**Data**:
Segment Open

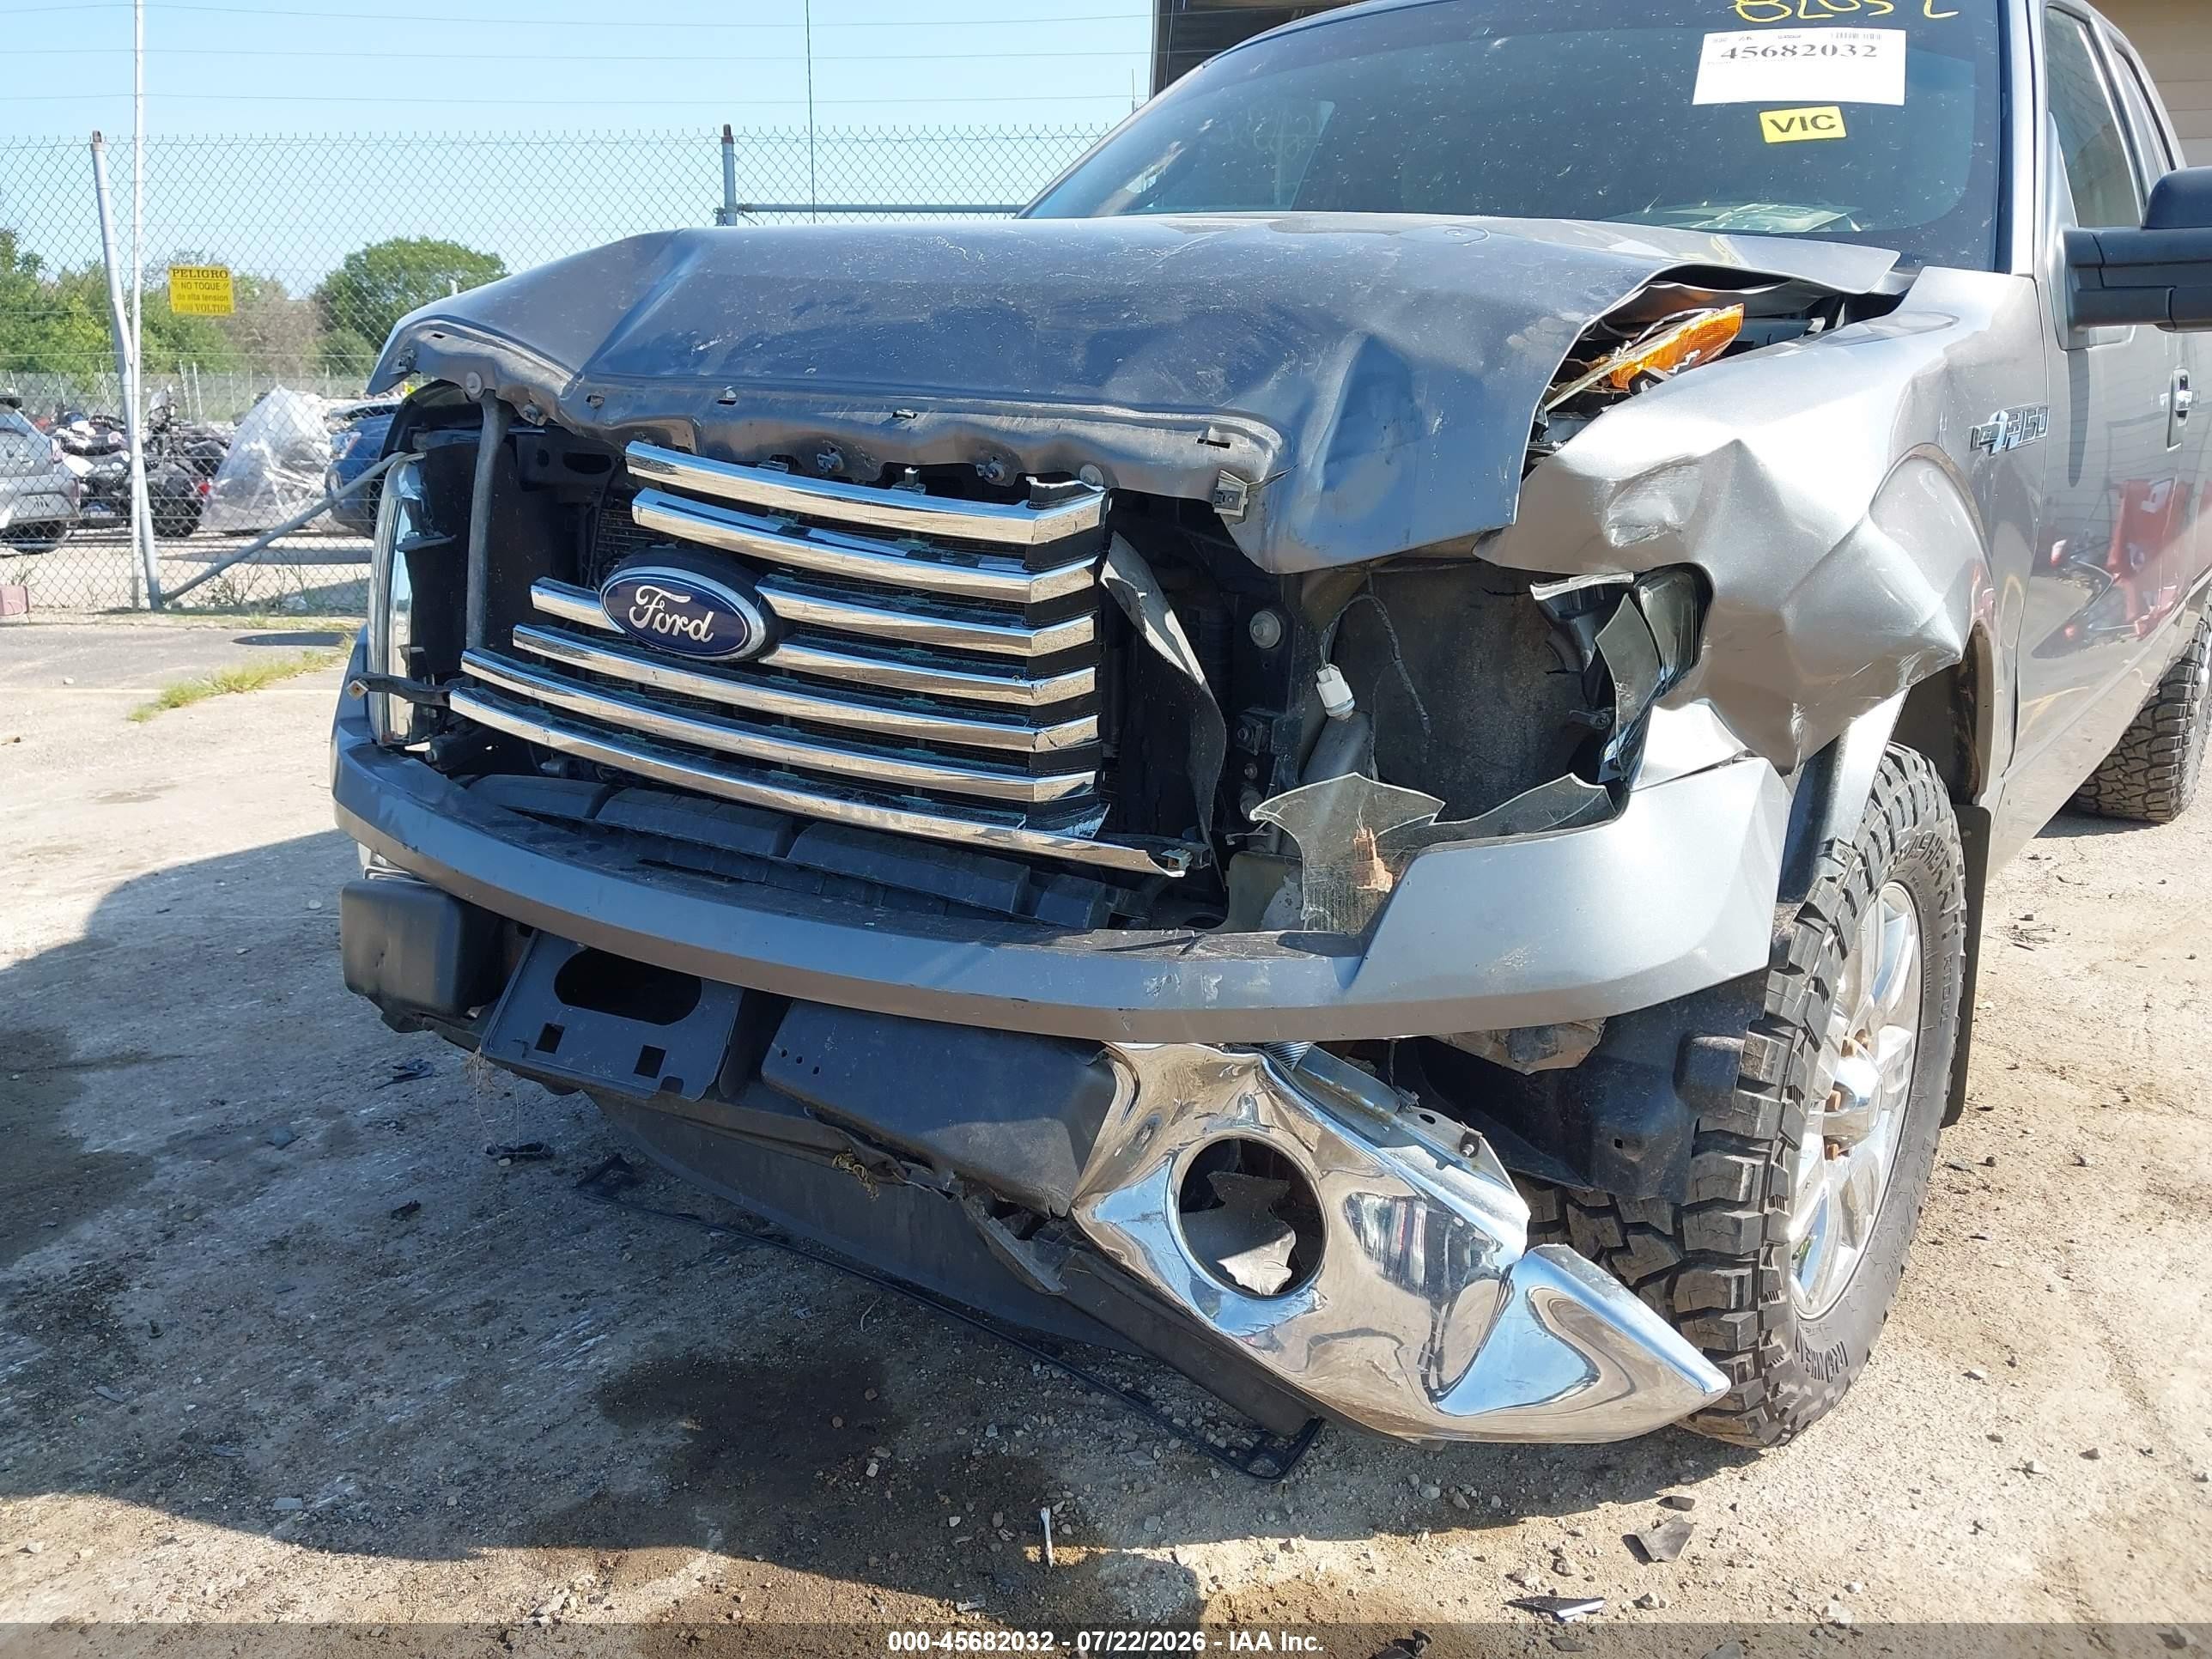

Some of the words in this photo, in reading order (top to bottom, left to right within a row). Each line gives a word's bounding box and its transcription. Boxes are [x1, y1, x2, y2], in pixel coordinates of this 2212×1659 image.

[1720, 44, 1878, 59] 45682032
[1769, 114, 1836, 133] VIC
[173, 268, 228, 278] PELIGRO
[181, 282, 192, 290] NO
[194, 282, 221, 290] TOQUE
[629, 586, 714, 642] Ford

Segment Closed

**Problem to work on**: Only the text of the entries above is to be given again, exactly, with the pictures left out.

**Reply**:
Some of the words in this photo, in reading order (top to bottom, left to right within a row). Each line gives a word's bounding box and its transcription. Boxes are [x1, y1, x2, y2], in pixel coordinates of this 2212×1659 image.

[1720, 44, 1878, 59] 45682032
[1769, 114, 1836, 133] VIC
[173, 268, 228, 278] PELIGRO
[181, 282, 192, 290] NO
[194, 282, 221, 290] TOQUE
[629, 586, 714, 642] Ford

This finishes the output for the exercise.